Dear God,
Today feels like pizza day in the canned-green-peas-smelling cafeteria of my soul. Because I get to read the Beatitudes! Hands down, my favorite passage in your book (the Bible).
For this at-times pessimistic, skeptical person, your eight promises give me a better shot (than had I spent the fifteen minutes reading the DaVinci Code) at peace and serenity. I repeat them and absorb them for the same reason that a homeless person spends all his money on a lottery ticket: they lead me to hope, a much-needed ingredient to my recovery.
The Beatitudes begin the Sermon on the Mount in the Gospel of Matthew (5:3-12) and go like this:

Blessed are the poor in spirit, for theirs is the kingdom of heaven.
Blessed are they who mourn, for they will be comforted.
Blessed are the meek, for they will inherit the lad.
Blessed are they who hunger and thirst for righteousness, for they will be satisfied.
Blessed are the merciful, for they will be shown mercy.
Blessed are the clean of heart, for they will see God.
Blessed are the peacemakers, for they will be called children of God.
Blessed are they who are persecuted for the sake of righteousness, for theirs is the kingdom of heaven.
Blessed are you when they insult you and persecute you and utter every kind of evil against you falsely because of me. Rejoice and be glad, for your reward will be great in heaven.

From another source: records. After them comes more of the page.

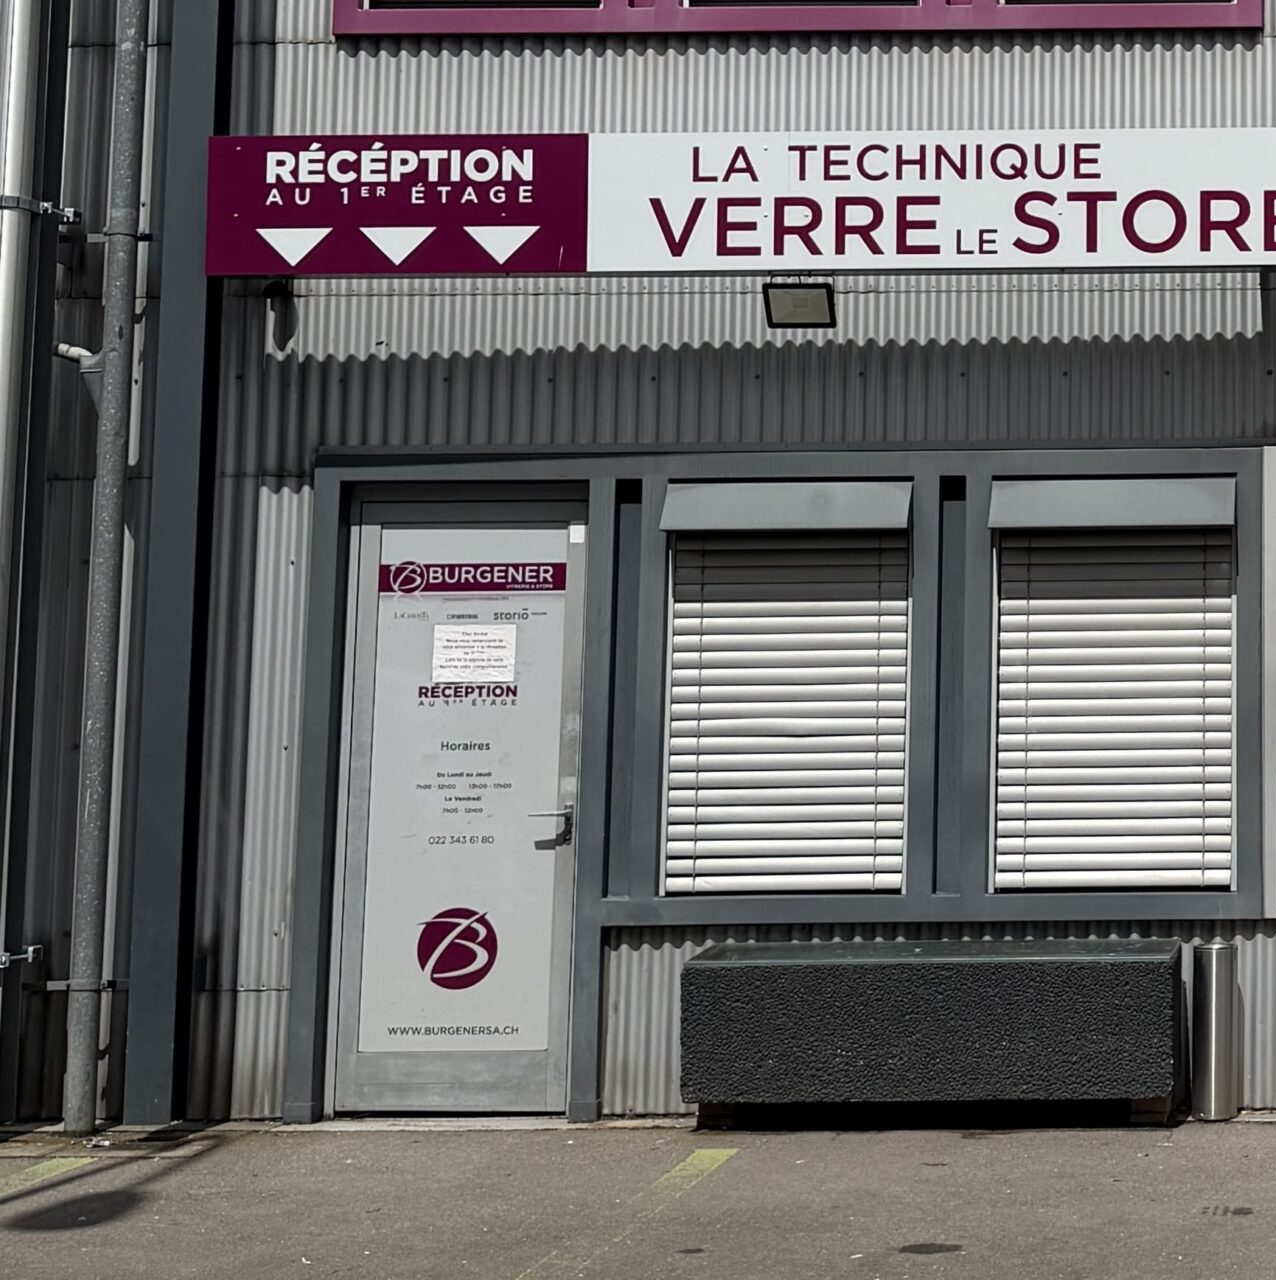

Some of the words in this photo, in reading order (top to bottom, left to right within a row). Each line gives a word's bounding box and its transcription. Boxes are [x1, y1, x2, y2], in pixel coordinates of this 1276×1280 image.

[265, 141, 534, 185] RÉCÉPTION
[691, 145, 760, 184] LA
[786, 142, 1102, 182] TECHNIQUE
[264, 186, 312, 206] AU
[410, 182, 534, 205] ÉTAGE
[647, 195, 942, 258] VERRE
[955, 228, 999, 255] LE
[428, 565, 554, 584] BURGENER
[440, 741, 491, 751] Horaires
[428, 836, 447, 845] 022
[449, 835, 467, 844] 343
[469, 835, 480, 844] 61
[481, 835, 495, 844] 80
[387, 1026, 519, 1036] WWW.BURGENERSA.CH

These words consoled me as a child because I was, more than a few times, ridiculed in your name. As a child afflicted with OCD, so often my acts of piety—praying rosaries, attending daily Mass, reciting lengthy prayers—blended in with symptoms of my illness. But I didn’t know the difference, nor did the adults in my life. I just knew that I was weird, and that other people thought so, too, and didn’t hesitate to tell me.

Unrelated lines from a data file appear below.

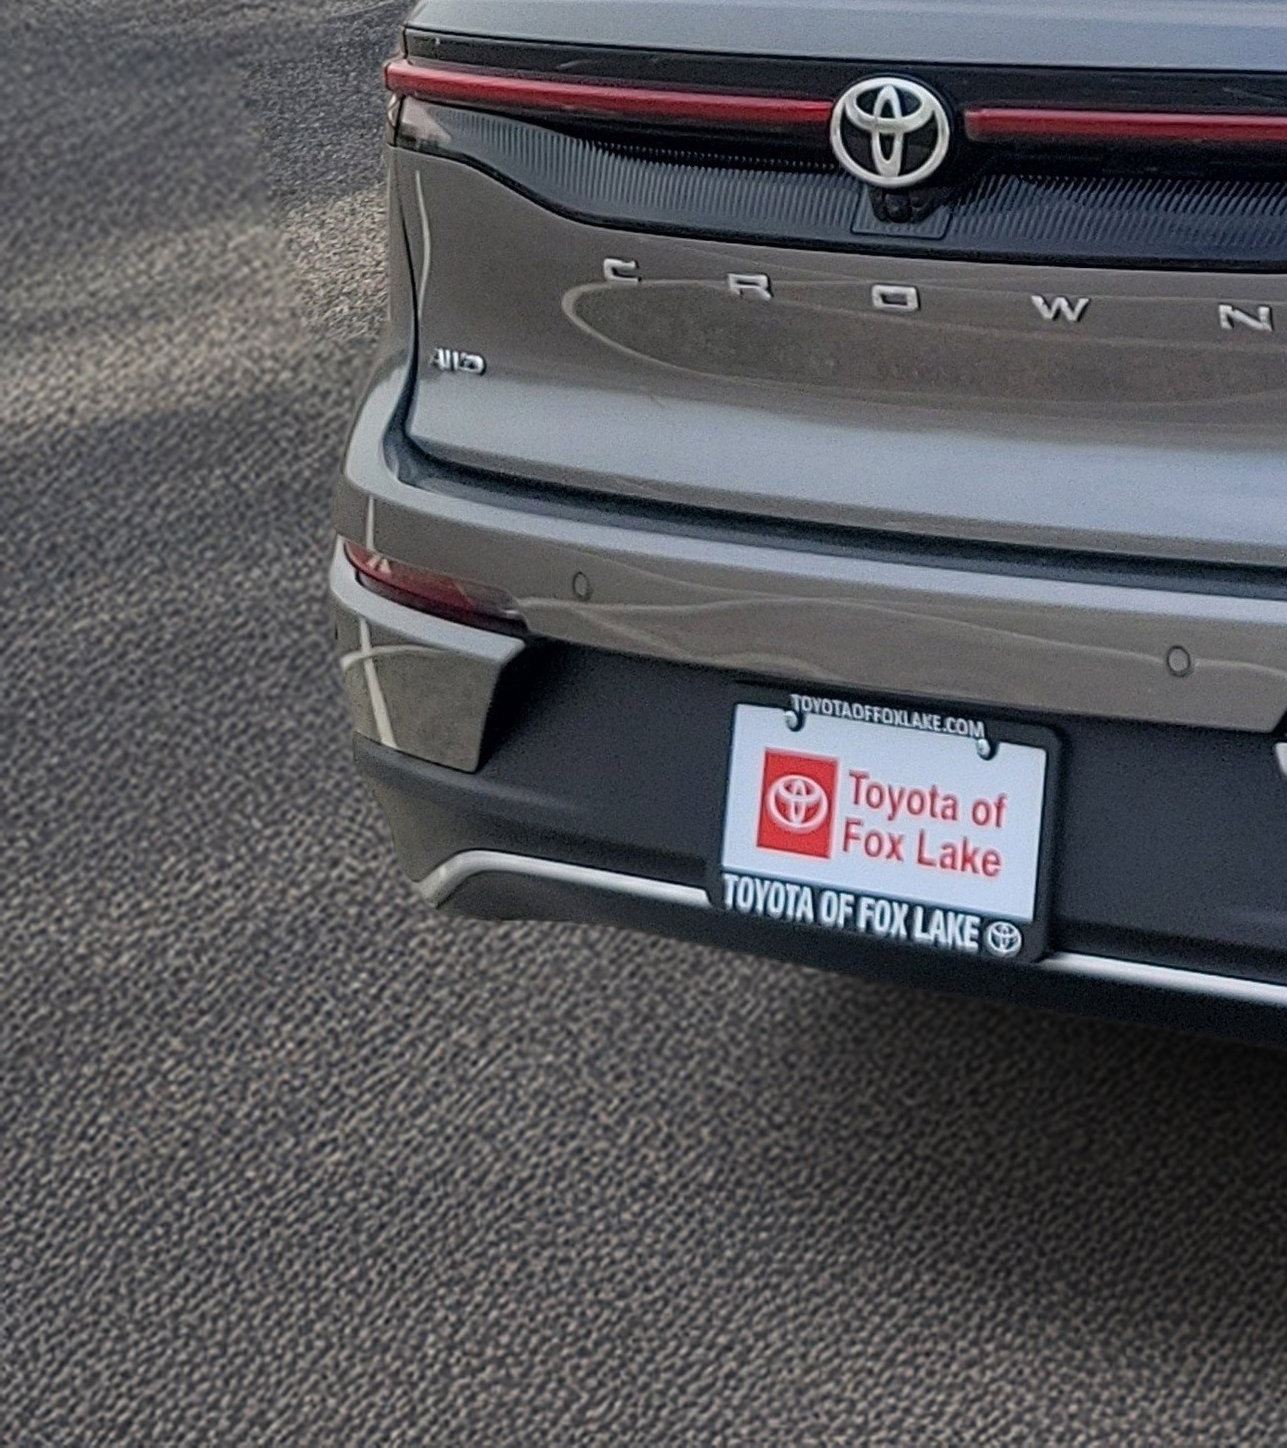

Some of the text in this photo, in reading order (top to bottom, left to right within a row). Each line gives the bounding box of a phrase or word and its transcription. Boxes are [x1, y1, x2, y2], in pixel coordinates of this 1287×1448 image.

[603, 257, 1273, 332] CROWN
[790, 694, 987, 738] TOYOTAOFFOXLAKE.COM
[848, 769, 1008, 829] Toyota of
[843, 817, 1001, 877] Fox Lake
[722, 873, 981, 951] TOYOTA OF FOX LAKE

Remember? I’d belt out the lyrics to “Be Not Afraid” (which include lines from the Beatitudes) in the shower, reminding you to follow through on those eight promises. Weighed down by fear and anxiety even back then, I rejoiced in your pledge to deliver me to freedom and sanity: it was okay to be laughed at during recess because you were on my side. Our world is temporary. Your grace is eternal.
I didn’t attach the word “hope” to your Beatitudes when I was grooving to them in the shower. But that’s what Matthew’s fifth chapter, is all about.
But I have a question regarding hope, God. Because so many times it conflicts with critical thinking and reasoning, two important skills you learn in a liberal-arts education, and especially in law school and in the seminary. Like in the example of the homeless man who spends his only dollar on a lottery ticket, hope doesn’t always make sense.
At least your kind of hope.
Hans Urs von Balthasar, the late Swiss Catholic theologian, distinguished Christian hope from human hope. He wrote:

The Christian is entrusted with something valuable: Christian hope. This hope is to be clearly distinguished from purely human hope, since it cannot be described in terms of uncertainty or calculations of probability, but like faith participates in the unconditionality and the universality of love (“love believes all things and hopes all things” [1 Cor 13:7]) and thereby leaps over its own shadow (“hoping against all hope” [Rom 4:18]).

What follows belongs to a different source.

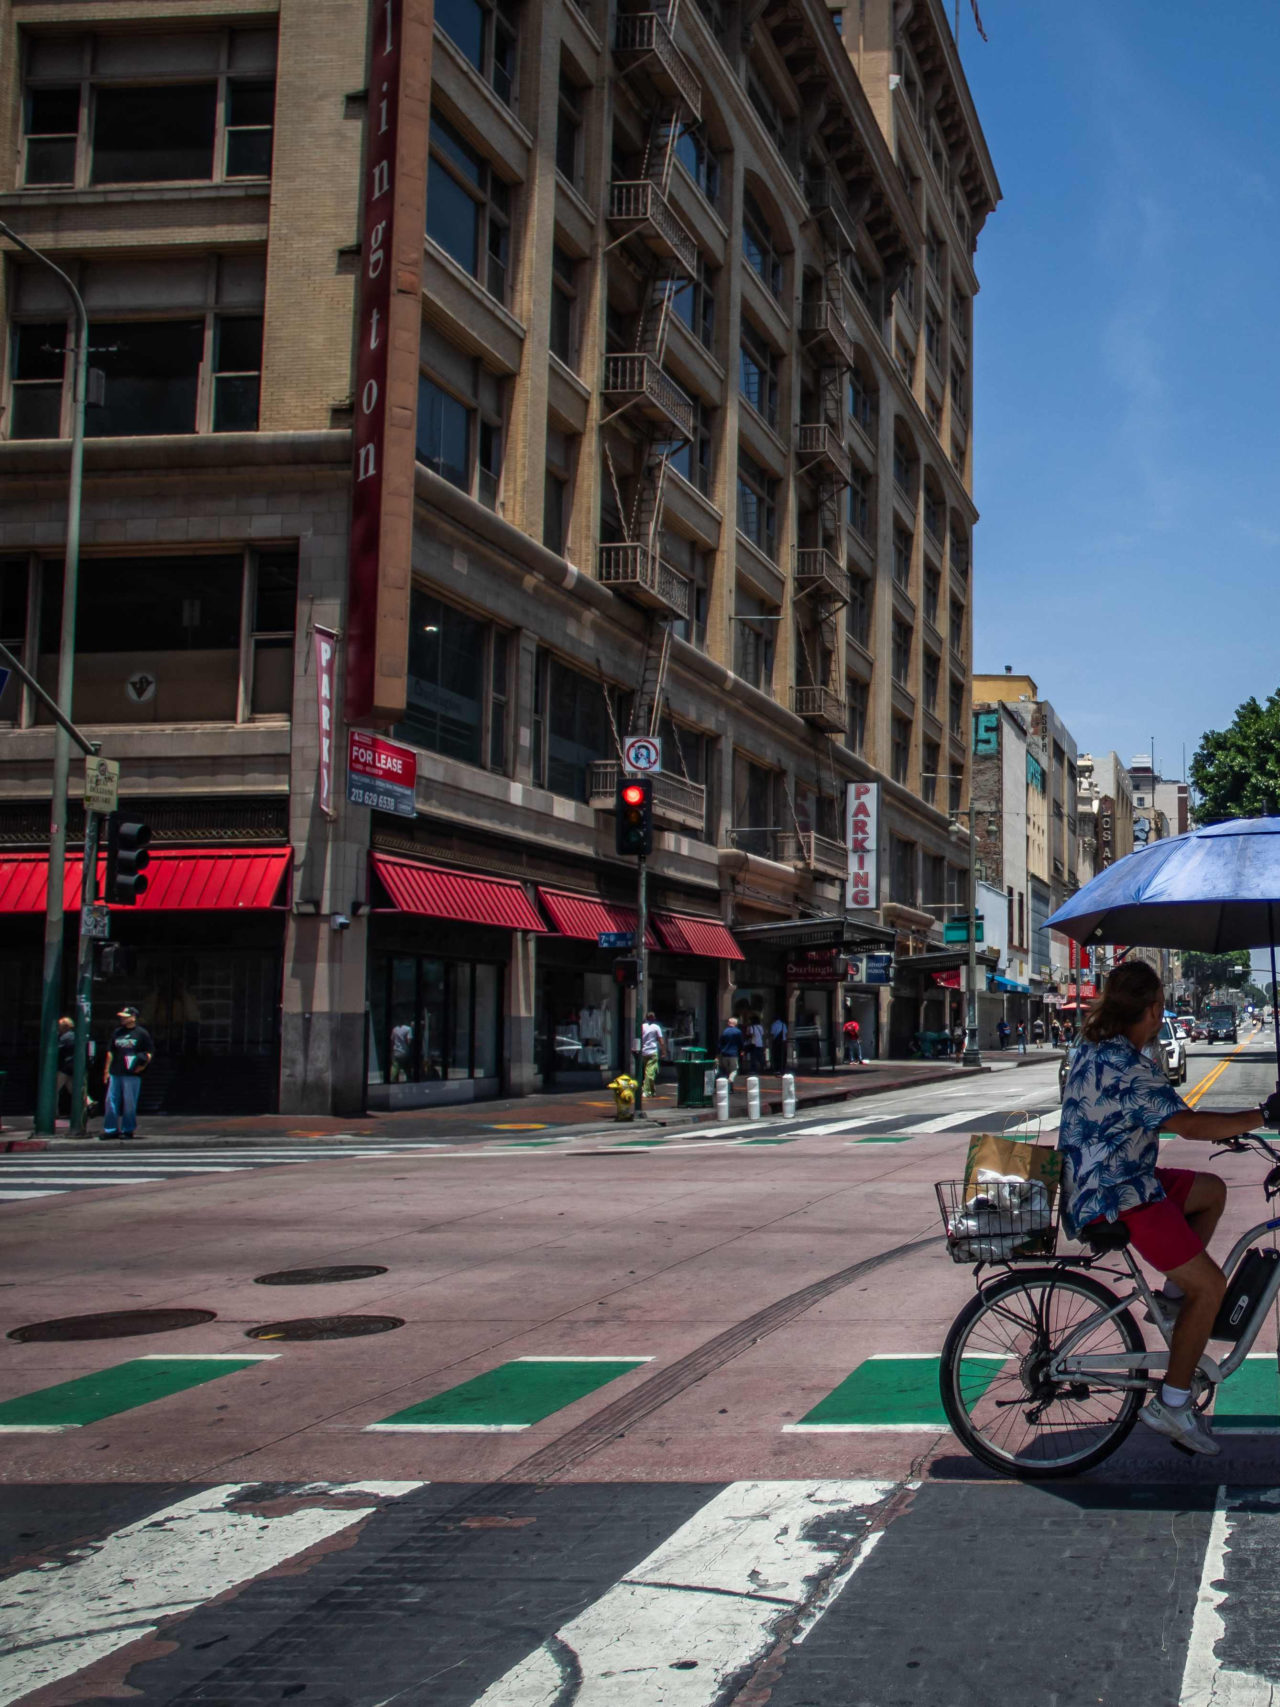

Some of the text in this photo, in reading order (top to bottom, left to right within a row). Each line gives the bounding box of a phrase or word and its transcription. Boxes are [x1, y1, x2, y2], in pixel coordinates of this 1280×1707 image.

Perhaps what von Balthasar calls “Christian hope” is simply knowing that everything of this world eventually dies, that new rules get made up, and that those rules tend to favor depressives and others who have lived some or all of this life in pain.
Perhaps when a person starts to consider the possibility of eternity, the ingredient of redemption that says we will live forever with you–sans depressive symptoms– that we begin to feel less weighed down by our negative thoughts, dry mouth, fatigue, and resentment at others for not being more compassionate.
Perhaps when we begin to depend on you with every small decision in our day—paying little attention to the rules of the game down here, which work about as well as those rules you’re supposed to follow to get a man (“passing gas on the first date” is not included, and Eric still married me)—we experience “hope” in the fullness of that word.
The Medieval pope, Saint Gregory the Great, wrote:

Everything we labor for in this present world scarcely lasts until death. Death intervenes and cuts off the fruit of our labor. But what we do for eternal life remains even after death; it begins to appear only when the fruits of our physical labors cease to be visible. The recompense of the one begins when the other is ended. Let one who recognizes that he now bears eternal fruit within his soul think little of the temporal fruits of his labors. Let us work for the fruit that endures.

I don’t know why, exactly, God that repeating your eight promises makes me feel better—able to clear my head enough to write and my heart enough to love. But they do, God. They are extremely comforting, and for that I thank you.